Le triangle noir dans le contexte des autres marquages dans le système concentrationnaire nazi.

Le triangle noir était, dans l’univers concentrationnaire nazi, le symbole utilisé pour marquer les prisonniers des camps qui étaient considérés par ce régime comme « socialement inadaptés » (asozial en allemand) et « paresseux » (arbeitsscheu). Dans le système de valeurs du IIIe Reich, la notion d'« asocialité » désignait les personnes des couches sociales inférieures considérées comme incapables de s'intégrer à la « communauté du peuple » et d'y apporter une contribution. Concrètement, cette catégorie désignait les individus considérés comme « parasitaires » : les nomades, les personnes en situations de handicap psychique ou physique, les sans-abris, les chômeurs, les alcooliques, les femmes lesbiennes, les travestis, les prostituées, et en particulier, les Roms et les Sintés[1],[2],[3].
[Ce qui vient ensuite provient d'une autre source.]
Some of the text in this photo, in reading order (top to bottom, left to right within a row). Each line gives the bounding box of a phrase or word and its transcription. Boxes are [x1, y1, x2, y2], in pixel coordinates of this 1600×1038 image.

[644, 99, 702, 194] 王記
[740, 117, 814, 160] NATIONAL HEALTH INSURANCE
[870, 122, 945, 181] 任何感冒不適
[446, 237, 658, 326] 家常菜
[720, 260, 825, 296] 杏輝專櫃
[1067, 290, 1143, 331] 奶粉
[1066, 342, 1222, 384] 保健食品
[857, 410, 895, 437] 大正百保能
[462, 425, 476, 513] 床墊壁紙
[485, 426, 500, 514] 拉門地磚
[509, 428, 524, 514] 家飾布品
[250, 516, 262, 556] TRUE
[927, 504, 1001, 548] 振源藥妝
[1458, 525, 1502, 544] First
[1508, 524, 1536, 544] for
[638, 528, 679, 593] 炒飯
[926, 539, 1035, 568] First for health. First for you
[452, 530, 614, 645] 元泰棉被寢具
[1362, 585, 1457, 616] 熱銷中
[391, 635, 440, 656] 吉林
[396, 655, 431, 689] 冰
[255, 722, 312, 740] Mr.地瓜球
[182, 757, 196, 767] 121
Dans la vision du monde développée par les penseurs nazis, les notions d'État et de société civile acquièrent une connotation biologique et médicale. Dans le contexte de l'essor du mouvement völkisch, le peuple (Volk) allemand est conçu comme une entité biologique plutôt que politique, et désigne une communauté organique déterminée par la nature, plutôt qu'une société composée d'individus indépendants et autonomes[4].

La communauté nationale est ainsi définie comme un corps social dont il faut purifier les éléments "nuisibles" et « parasites », susceptibles de provoquer la dégénérescence de la race aryenne. Associant darwinisme social et hygiénisme, les chercheurs en expertise raciale du Reich, institutionnalisés à partir de 1936 autour du Centre de recherche sur l'hygiène raciale (Rassenhygienische Forschungstelle ou RHF), ont développé le concept d'« hygiène publique », ou « hygiène du peuple » (volkshygienischen), à partir duquel certaines catégories de la population ont été classées comme « indésirables » ou comme « racailles asociales ». Il s'agissait de Tziganes, de mendiants, vagabonds, chômeurs, prostituées et proxénètes, d'alcooliques, et de personnes avec des handicaps mentaux.
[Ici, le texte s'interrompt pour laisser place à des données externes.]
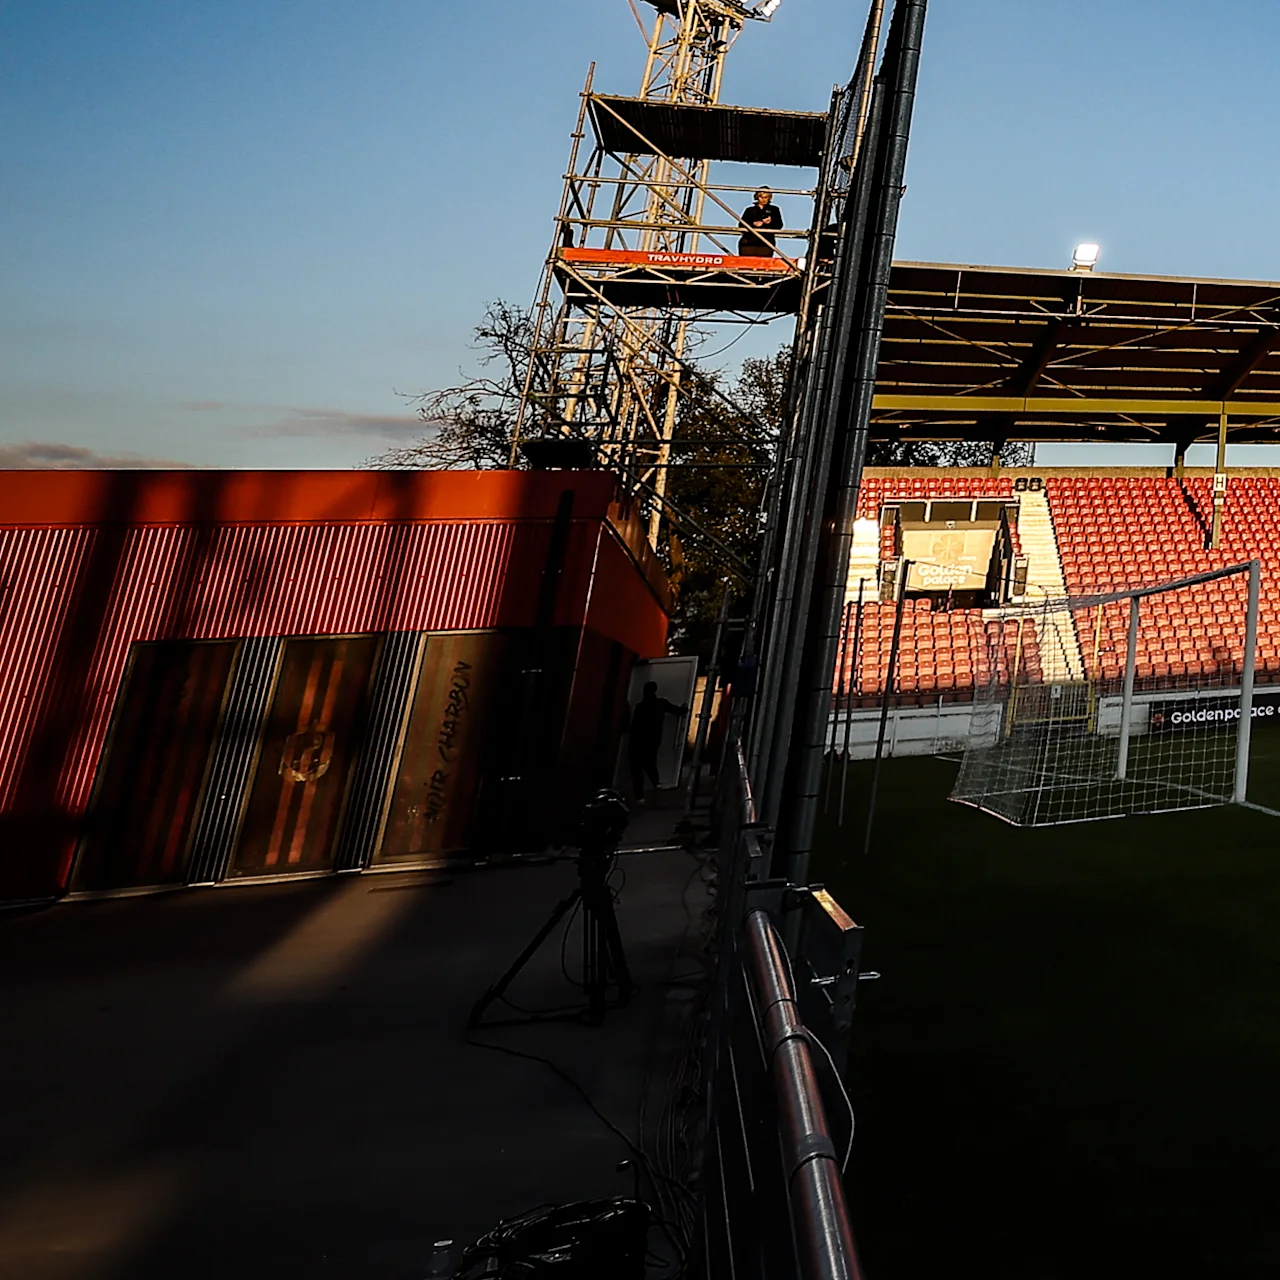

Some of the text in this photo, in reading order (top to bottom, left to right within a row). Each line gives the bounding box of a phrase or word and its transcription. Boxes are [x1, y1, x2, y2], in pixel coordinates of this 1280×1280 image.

Dans le cas des Roms et des Sinté, la catégorie « asocial » recouvrait un sens racial : les Tziganes étaient perçus comme des étrangers, voire comme des Juifs[5], métissés avec les plus basses couches de la société. Reprenant les accusations de criminalité adressées à l'encontre des populations roms depuis plusieurs siècles, les Nazis firent basculer l'ensemble des Tsiganes dans la catégorie de « criminels irrécupérables », telle que définie par les lois de Nuremberg[6]. Cette classification servit de phase préliminaire à l'identification et au recensement des Roms par les chercheurs du RHF, à l'internement puis à la destruction de la population rom d'Europe[7].
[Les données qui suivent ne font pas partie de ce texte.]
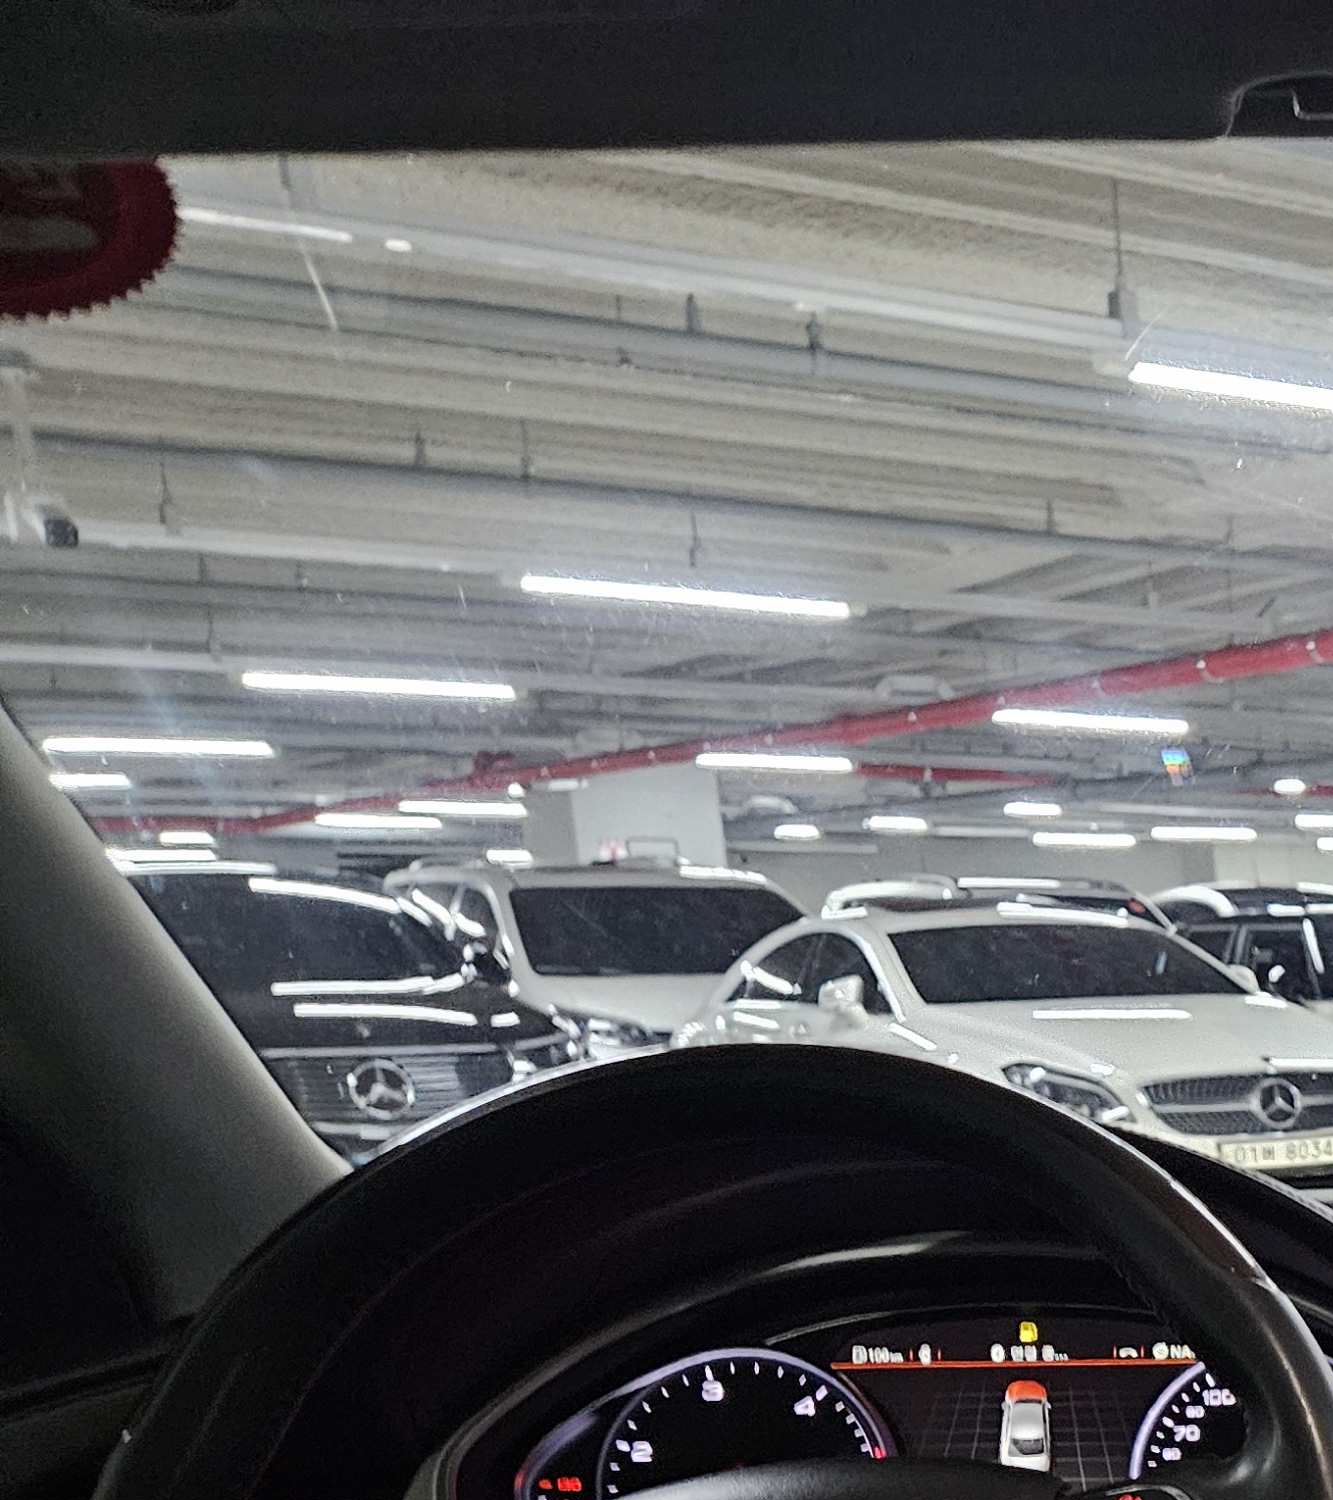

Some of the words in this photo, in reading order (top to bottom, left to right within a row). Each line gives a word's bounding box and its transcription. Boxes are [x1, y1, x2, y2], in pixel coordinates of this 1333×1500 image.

[701, 1379, 724, 1402] 3
[1202, 1388, 1237, 1407] 100
[793, 1395, 816, 1417] 4
[631, 1440, 653, 1463] 2
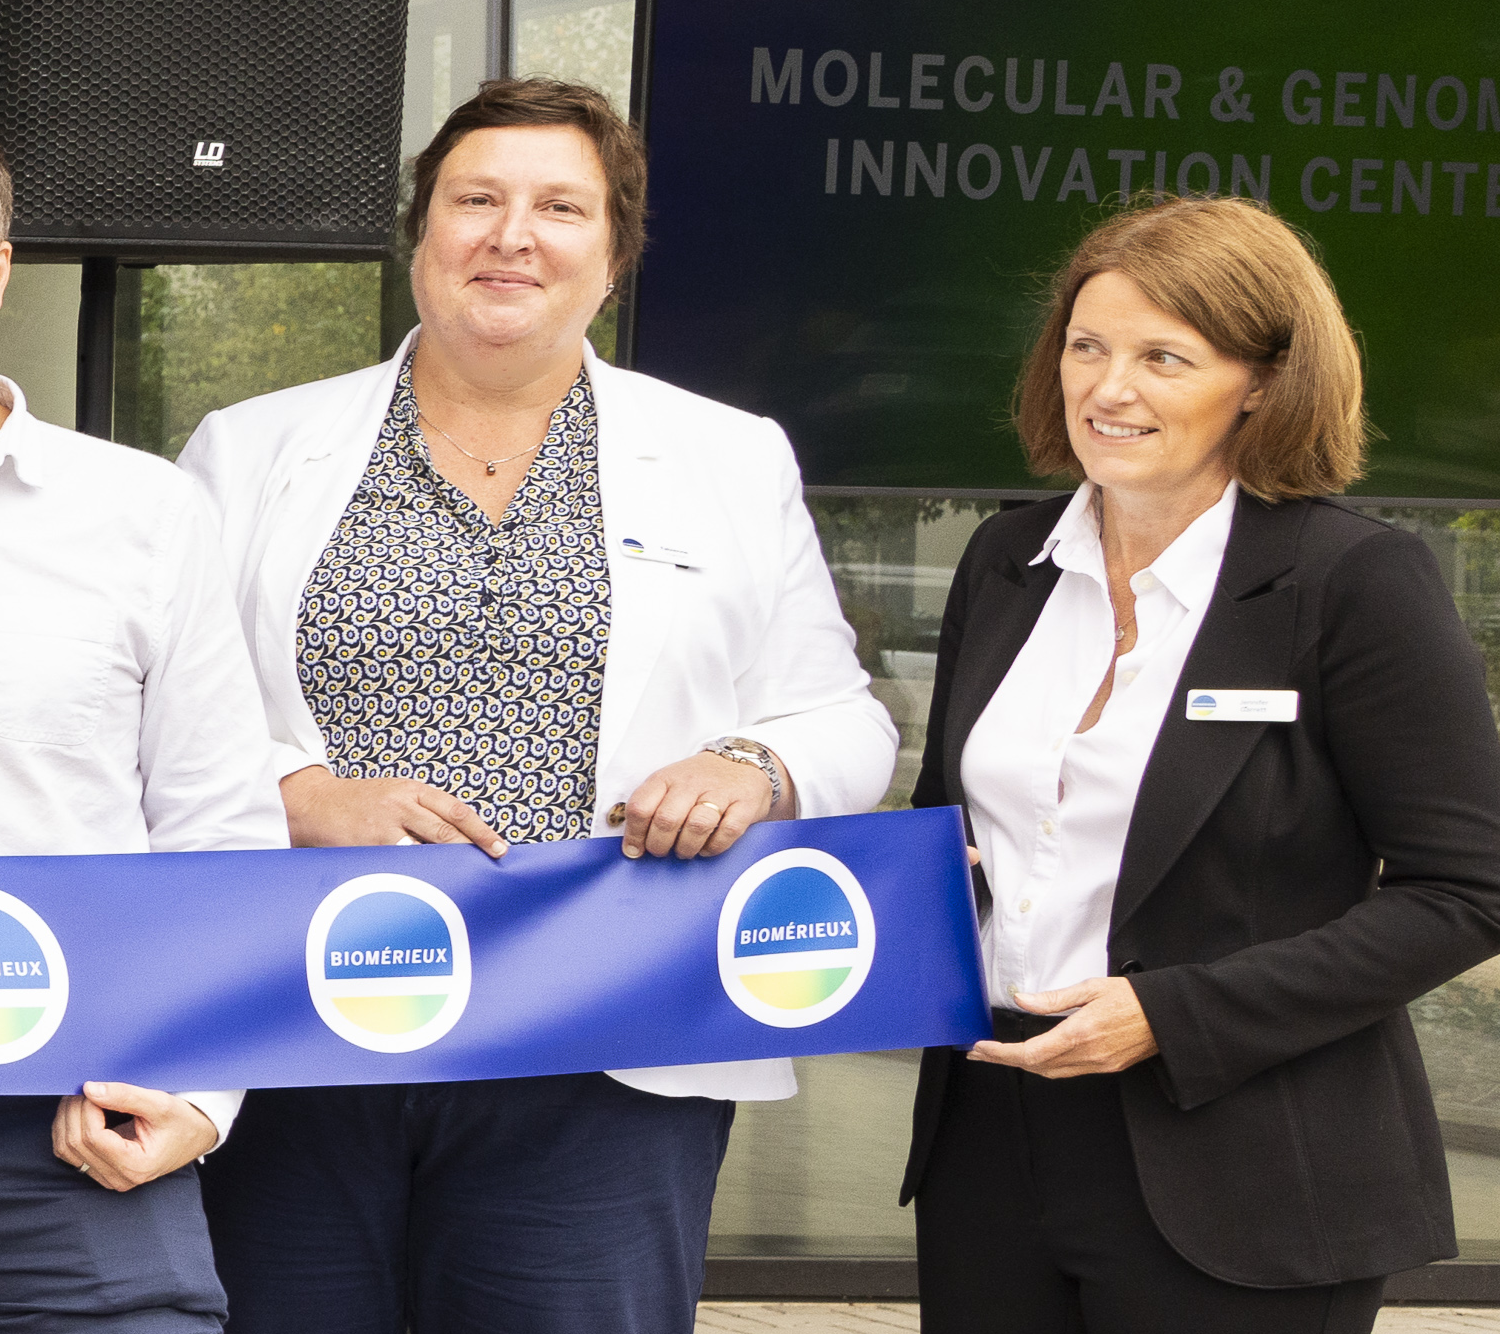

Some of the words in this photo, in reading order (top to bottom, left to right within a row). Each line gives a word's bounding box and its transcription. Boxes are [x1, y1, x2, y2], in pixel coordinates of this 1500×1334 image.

[751, 46, 1183, 121] MOLECULAR
[1209, 65, 1255, 123] &
[194, 142, 225, 159] LD
[824, 137, 1272, 206] INNOVATION
[740, 920, 852, 946] BIOMÉRIEUX
[330, 949, 448, 967] BIOMÉRIEUX
Le terme « asocial » était utilisé conjointement avec l'appellation « étranger à la communauté » (Gemeinschaftsfremde). Une loi contre les « étrangers à la communauté », contre les groupes sociaux marginalisés était prévue et en préparation, mais a été interrompu par la défaite de l'Allemagne nazie en 1945[8].

L'idée que des femmes lesbiennes aient été systématiquement persécutées parce qu'elles étaient asociales est contestée par les historiens[9],[10],[11],[12].

Usage au sein du système concentrationnaire

Selon le décret fondamental du pour la « lutte préventive contre la délinquance », quiconque « met[ait] en danger la collectivité par son comportement asocial sans être un criminel professionnel ou d'habitude » pouvait être envoyé en camp de concentration dans le cadre d'une « détention préventive ». par la police criminelle[13]. Des vagues d'arrestation survinrent au printemps et à l'été 1938, dans le cadre de la campagne « Arbeitsscheu Reich ». Plus de 10 000 Juifs, Roms et Sinti et « asociaux de sang allemand » ont été déportés vers des camps de concentration, dont 6 000 au camp de concentration de Sachsenhausen en juillet 1938. Les détenus étaient marqués par un triangle noir. Avant la guerre, les « asociaux » représentaient le plus grand groupe de victimes dans les camps de concentration[14].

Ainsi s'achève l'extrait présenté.